When we write Cython code (with types), this will eventually be compiled like C-compiled code and we can't recover the source code (except disassembling but then this is similar to disassembling C code), as seen in Are executables produced with Cython really free of the source code?.
But what happens when we write "normal Python code" (interpreted code without types) in a Cython .pyx file and we produce an executable?

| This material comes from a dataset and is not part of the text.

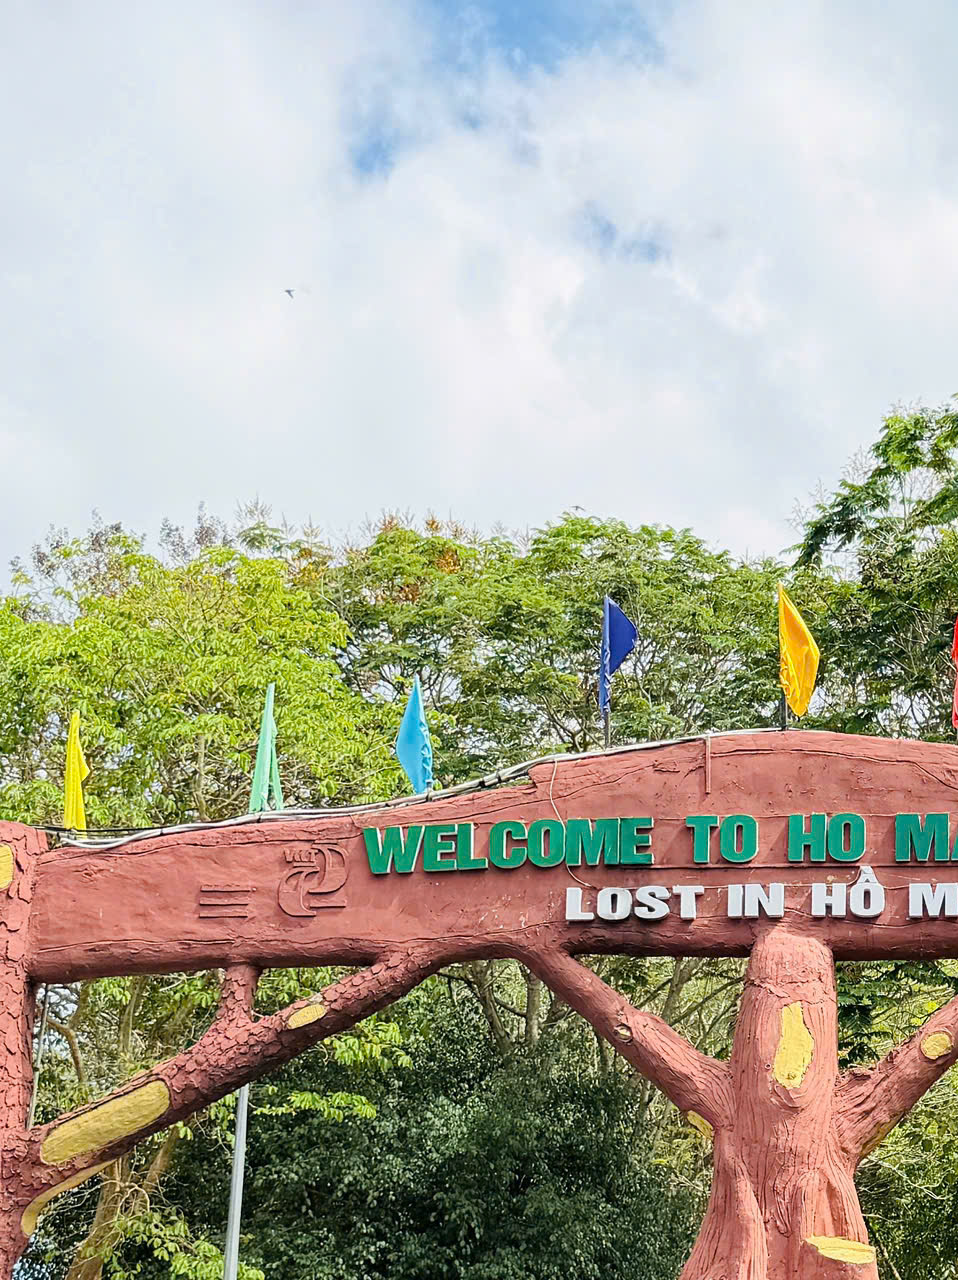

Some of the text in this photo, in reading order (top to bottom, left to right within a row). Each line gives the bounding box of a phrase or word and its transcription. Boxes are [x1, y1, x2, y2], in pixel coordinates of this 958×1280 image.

How much of it will be visible in the strings of the executable?
Example:
import bottle, random, json
app = bottle.Bottle()
@bottle.route('/')
def index():
return 'hello'
@bottle.route('/random')
def testrand():
return str(random.randint(0, 100))
@bottle.route('/jsontest')
def testjson():
x = json.loads('{ "1": "2" }')
return 'done'
bottle.run()
In this case I see in the test.c
:
static const char __pyx_k_1_2[] = "{ \"1\": \"2\" }";
static const char __pyx_k_json[] = "json";
static const char __pyx_k_main[] = "__main__";
static const char __pyx_k_name[] = "__name__";
static const char __pyx_k_test[] = "__test__";
static const char __pyx_k_loads[] = "loads";
static const char __pyx_k_import[] = "__import__";
static const char __pyx_k_cline_in_traceback[] = "cline_in_traceback";
So in example 2, won't all these strings be easily visible in the executable?
In general you won't be able to avoid having those strings in the resulting executable, this is just how python works - they are needed at the run time.
If we look at a simple C-code:
void do_nothing(){...}
int main(){
do_nothing();
return 0;
}
compile and link it statically. When the linker is done, the call of do_nothing
(let's assume it is not inlined or optimized out) is just a jump to a memory-address - the name of the function is no longer needed and can be erased from the resulting executable.
Python works differently: there is no linker, we don't use raw memory-addresses during the run time to call some functionality, but use Python-machinery to find it for us given the name of the package/module and of the function - thus we need this information - the names - during the run time. And thus they must be provided during the runtime.
However, if you are game changing the produced c-file you could make the life of the "hacker" somewhat harder.
When there is a string needed for calling Python-functionality, this will result in the following code (e.g. import json
):
static const char __pyx_k_json[] = "json";
static PyObject *__pyx_n_s_json;
static __Pyx_StringTabEntry __pyx_string_tab[] = {
...
{&__pyx_n_s_json, __pyx_k_json, sizeof(__pyx_k_json), 0, 0, 1, 1},
...
{0, 0, 0, 0, 0, 0, 0}
};
static CYTHON_SMALL_CODE int __Pyx_InitGlobals(void) {
if (__Pyx_InitStrings(__pyx_string_tab) < 0) __PYX_ERR(0, 1, __pyx_L1_error);
...
}
...
__pyx_t_1 = __Pyx_Import(__pyx_n_s_json, 0, 0); if (unlikely(!__pyx_t_1)) __PYX_ERR(0, 1, __pyx_L1_error)
so one could save "json"
as "irnm"
(every character shifted by -1) and then restore the real name during the run time before __Pyx_InitStrings
is called in __Pyx_InitGlobals
.
So now, just dumping the strings in exe would lead to nothing saying combination of characters. One even could go further and load the real names from somewhere after the program started, if this is worth the trouble.